Junctional rhythm as a complication of Fabry Disease

A 54-year old patient with Fabry disease, mechanical valve prosthesis in mitral position, and history of kidney transplant  was admitted for obstructive hydronephrosis and bradycardia with junctional rhythm (30-35/min). 


Figure 1
ECG on admission with junctional rhythm

The mitral valve disease, newly diagnosed conduction abnormalities, as well as the chronic renal failure as the reason for kidney transplantation, have all been attributed to the patient’s primary inherited metabolic illness - Fabry disease.

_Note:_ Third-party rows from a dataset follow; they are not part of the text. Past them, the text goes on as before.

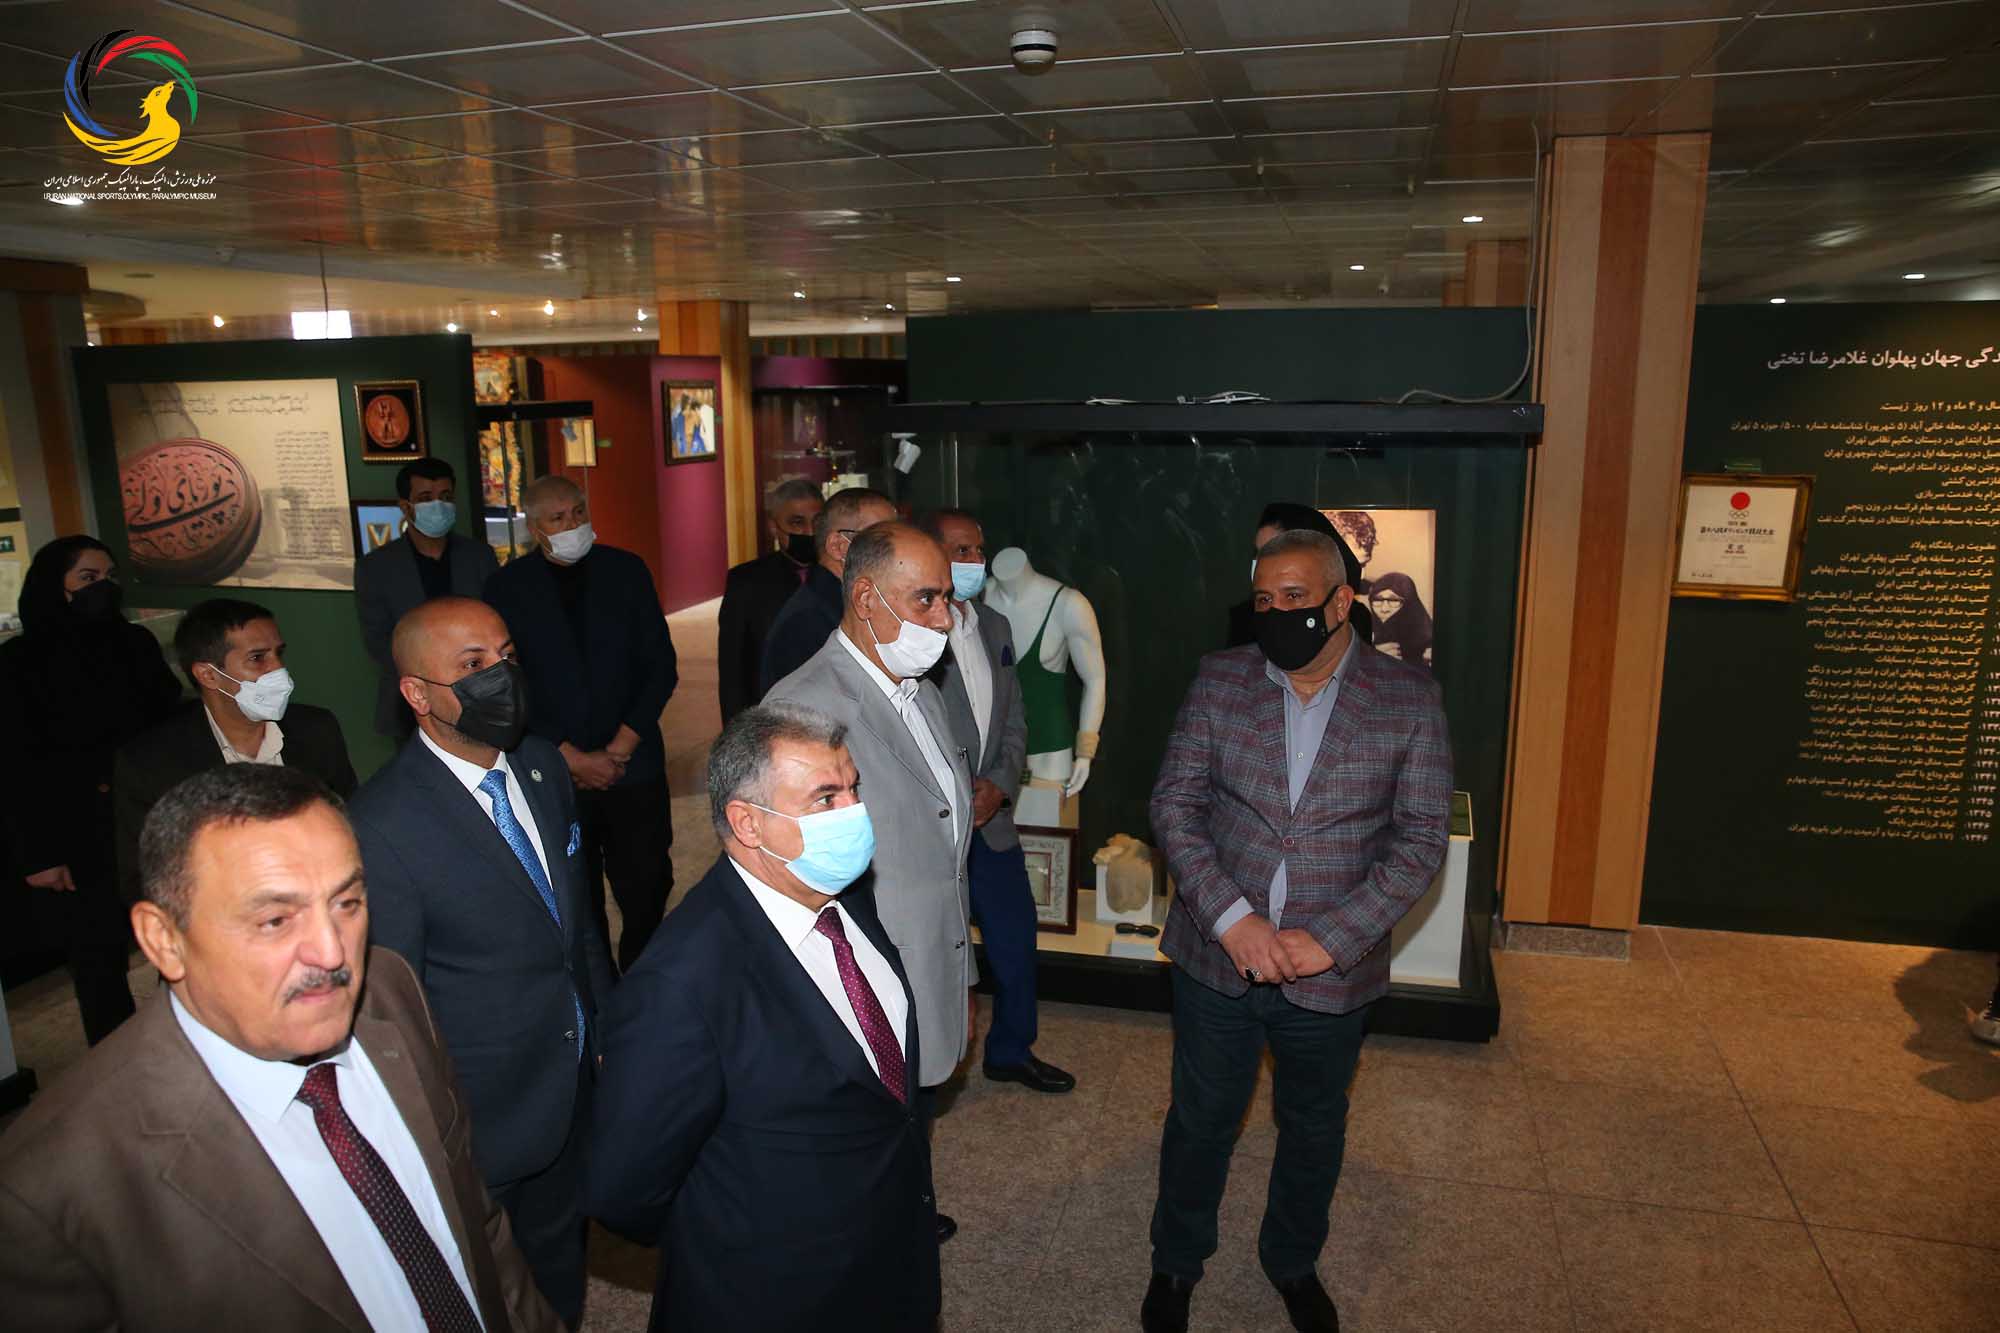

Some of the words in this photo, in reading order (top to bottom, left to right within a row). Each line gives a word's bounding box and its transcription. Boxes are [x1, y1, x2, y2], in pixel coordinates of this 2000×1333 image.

[1767, 351, 1806, 370] تختی
[1809, 350, 1868, 369] غلامرضا
[1871, 349, 1917, 370] پهلوان
[1921, 349, 1963, 368] جهان
[1964, 346, 2000, 369] دگی
[1913, 403, 1929, 412] روز
[1953, 401, 1967, 409] ماه
[1845, 436, 1867, 445] تهران
[1890, 436, 1913, 446] حکیم
[1914, 436, 1942, 445] دبستان
[1943, 436, 1954, 445] در
[1823, 449, 1844, 458] تهران
[1845, 450, 1877, 458] منوچهری
[1878, 450, 1911, 458] دبیرستان
[1911, 450, 1921, 458] در
[1921, 450, 1935, 458] اول
[1935, 450, 1963, 458] متوسطه
[1915, 463, 1936, 472] استاد
[1941, 477, 1966, 486] کشتی
[1914, 490, 1945, 499] سربازی
[1946, 491, 1973, 499] خدمت
[1935, 504, 1962, 512] مسابقه
[1962, 504, 1974, 512] در
[1839, 553, 1860, 562] تهران
[1888, 554, 1911, 563] کشتی
[1911, 555, 1928, 563] های
[1955, 555, 1967, 563] در
[1967, 555, 1995, 565] شرکت

Upon admission, TTE was performed and showed the following findings:

  • Marked hypertrophy and echogenicity of the left ventricular myocardium (normal systolic function)
  • Mitral valve mechanical prosthesis with stable gradients in comparison to previous examination, without significant regurgitation.
  • Aortic valve thickened, with mild stenosis.
  • Enormous left atrial dilatation (LAVi 194.1 cm3/m2).
  • Severe tricuspid regurgitation, but hard to accurately quantify due to right atrial dilatation (63.00 cm2)


Video 1 TTE on admission


Video 2
 Four chamber view on admission TTE


Figure 2 Severe biatrial dilatation on TTE


Despite isoprenaline therapy and discontinuation of bradycardia medication, junctional rhythm persisted. Given the good systolic function of both ventricles, the patient was indicated for single-chamber pacemaker implantation. With regards to the patient’s kidney drainage and thus heightened infection risk along with looming haemodialyzation therapy, MICRA (electrode-less) pacemaker was deemed the most suitable option.


Video 3
Skiascopy during MICRA insertion

The pacemaker was successfully implanted via right femoral vein to the apical portion of the right ventricular septum since the patient presented with midventricular obstruction of the left ventricular septum during the procedure.

The patient was then transferred back to the nephrology department for the follow-up treatment of hydronephrosis.


Clinical context

Fabry disease (FD) is an X-linked lysosomal storage disease (caused by a variety of mutations in the GLA gene on Xq22.1) with an incidence of about 1:120000, but mutation incidence is as high as 1:1250. 

The cause of the classical variant stands the lack of alpha-galactosidase activity, which results in the accumulation of globotriaosylceramide (Gb3) in cells of various systems. This causes the disease’s wide-spread multi-systemic effects, namely paresthesias, skin and eye, cardiovascular, cerebrovascular and renal disorders. 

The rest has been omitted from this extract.